Free-text object descriptions
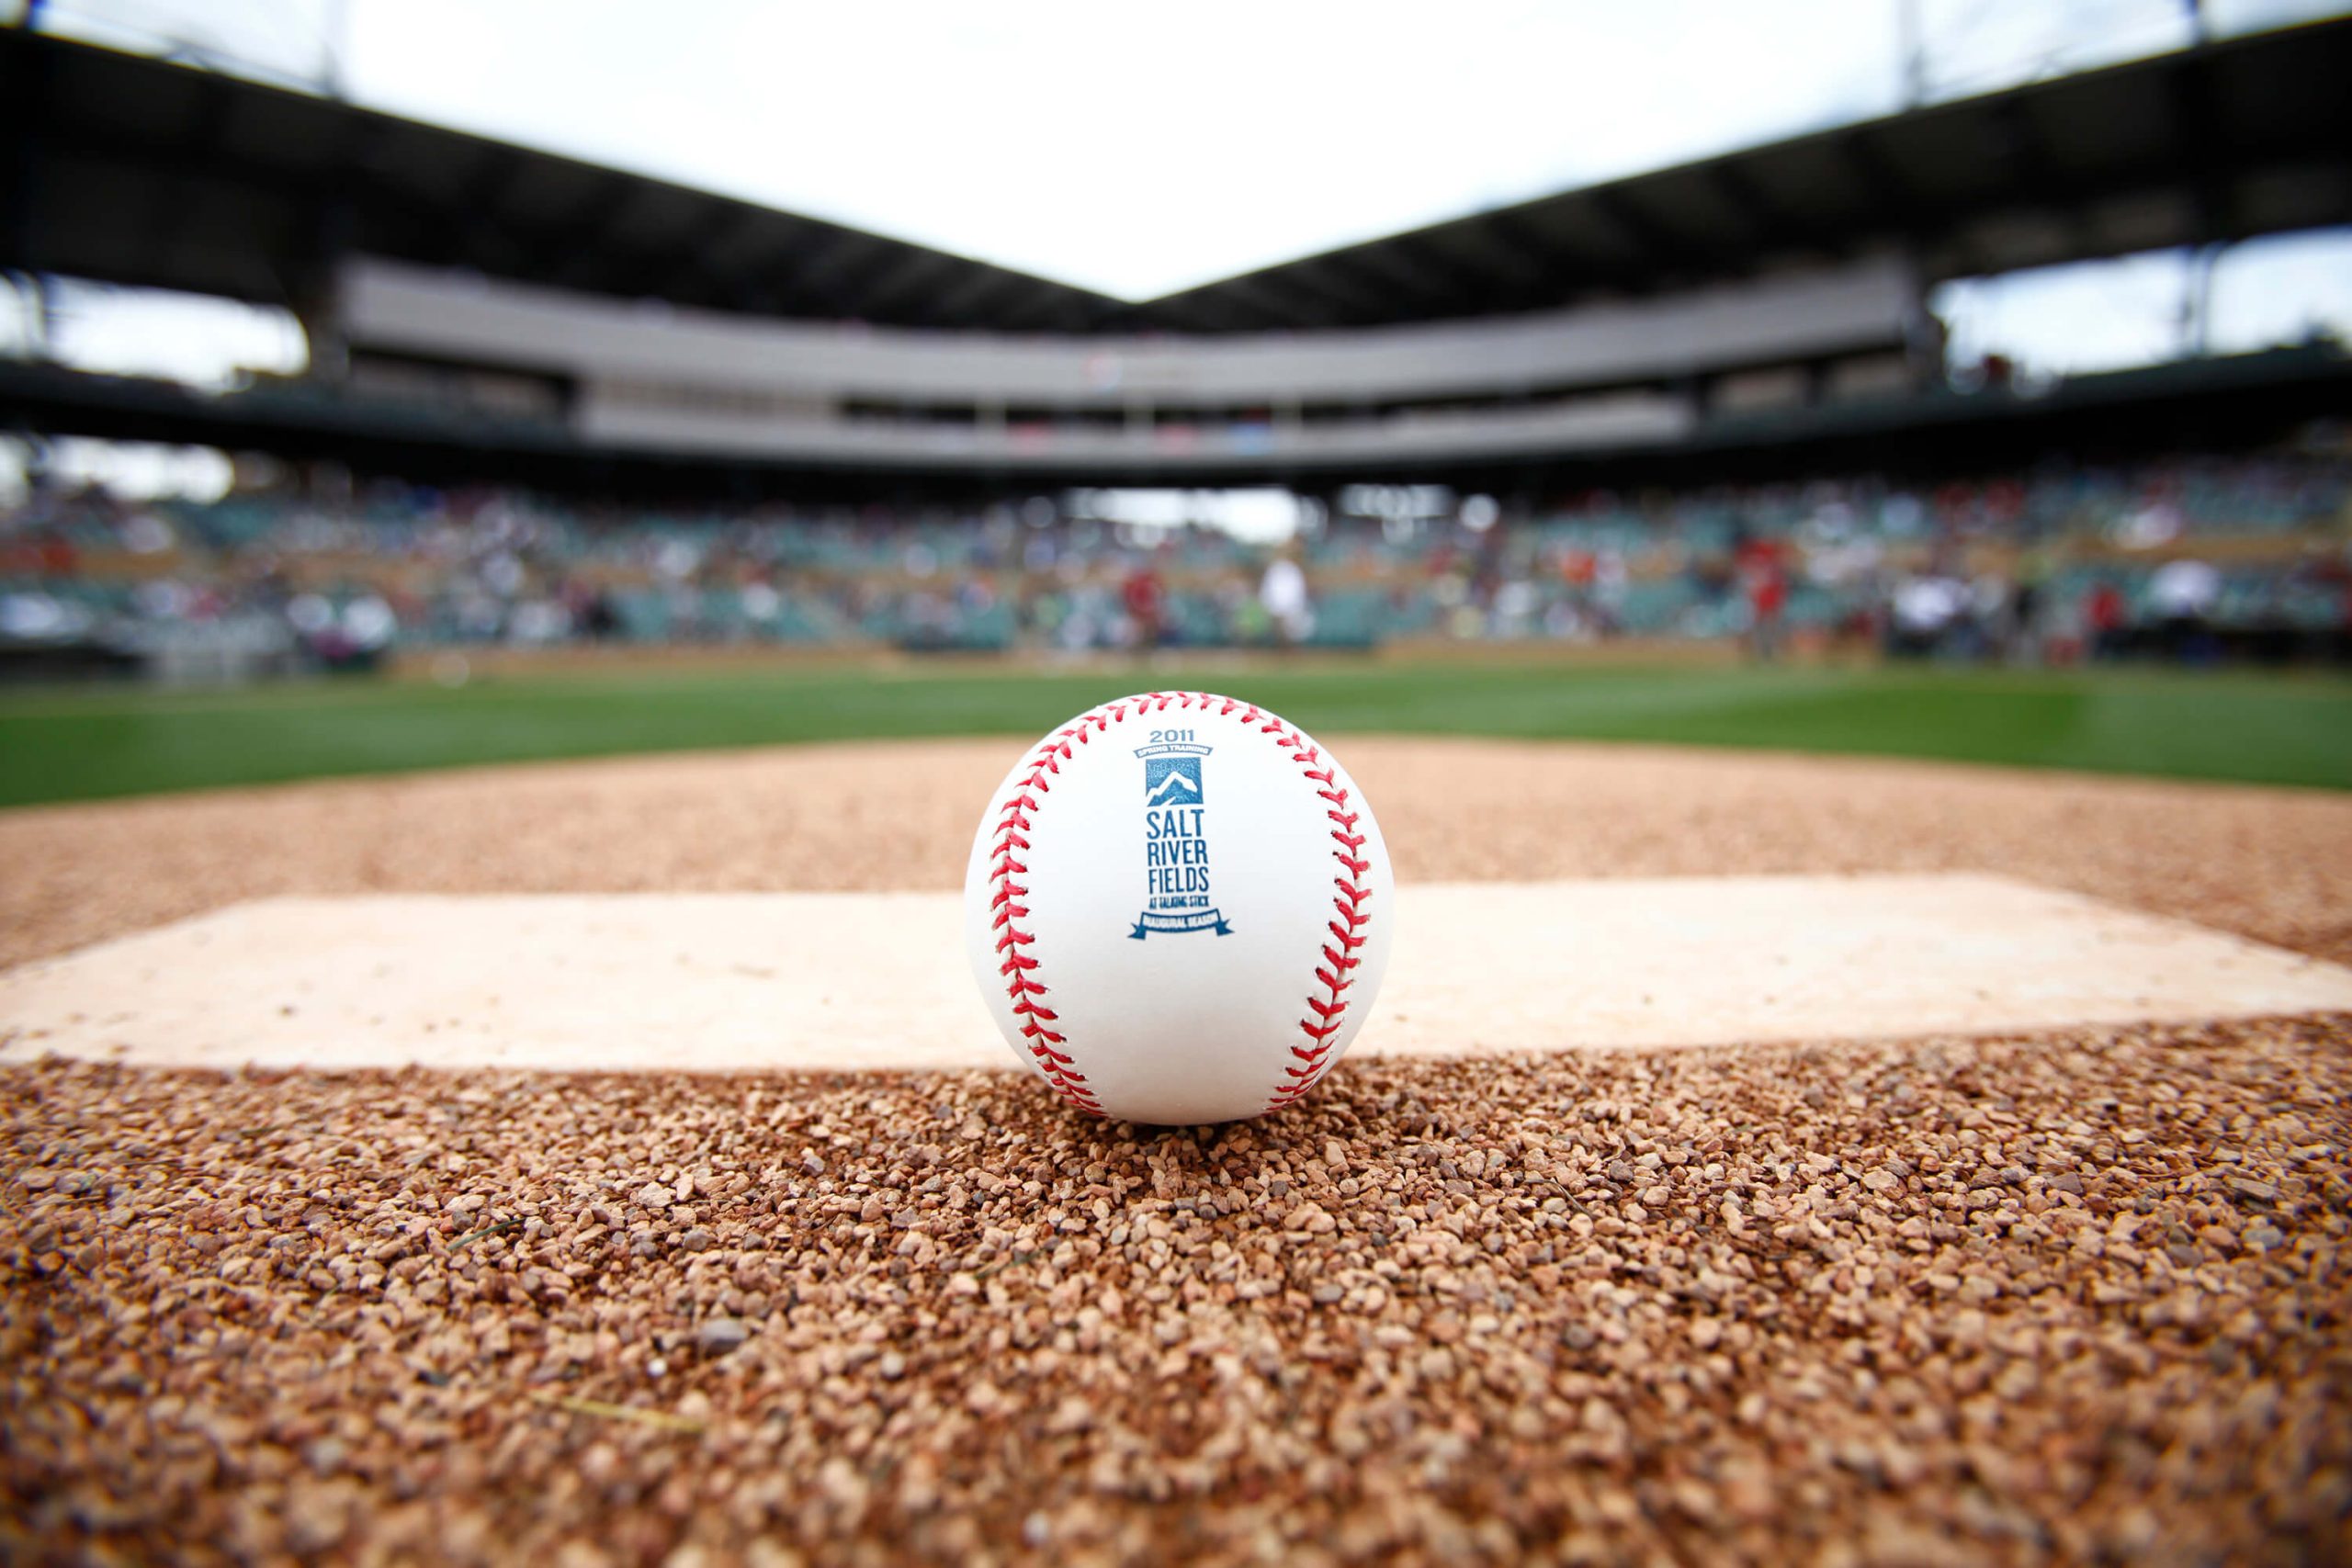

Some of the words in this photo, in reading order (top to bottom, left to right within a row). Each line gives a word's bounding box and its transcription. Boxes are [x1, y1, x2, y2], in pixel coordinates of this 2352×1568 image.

[1149, 729, 1194, 743] 2011
[1169, 744, 1209, 753] TRAINING
[1146, 808, 1204, 840] SALT
[1147, 839, 1208, 867] RIVER
[1148, 866, 1209, 895] FIELDS

__Instructions for the task__
Copy out all the data exactly. No images belong in the copy.

__Written response__
Some of the words in this photo, in reading order (top to bottom, left to right within a row). Each line gives a word's bounding box and its transcription. Boxes are [x1, y1, x2, y2], in pixel coordinates of this 2352×1568 image.

[1149, 729, 1194, 743] 2011
[1169, 744, 1209, 753] TRAINING
[1146, 808, 1204, 840] SALT
[1147, 839, 1208, 867] RIVER
[1148, 866, 1209, 895] FIELDS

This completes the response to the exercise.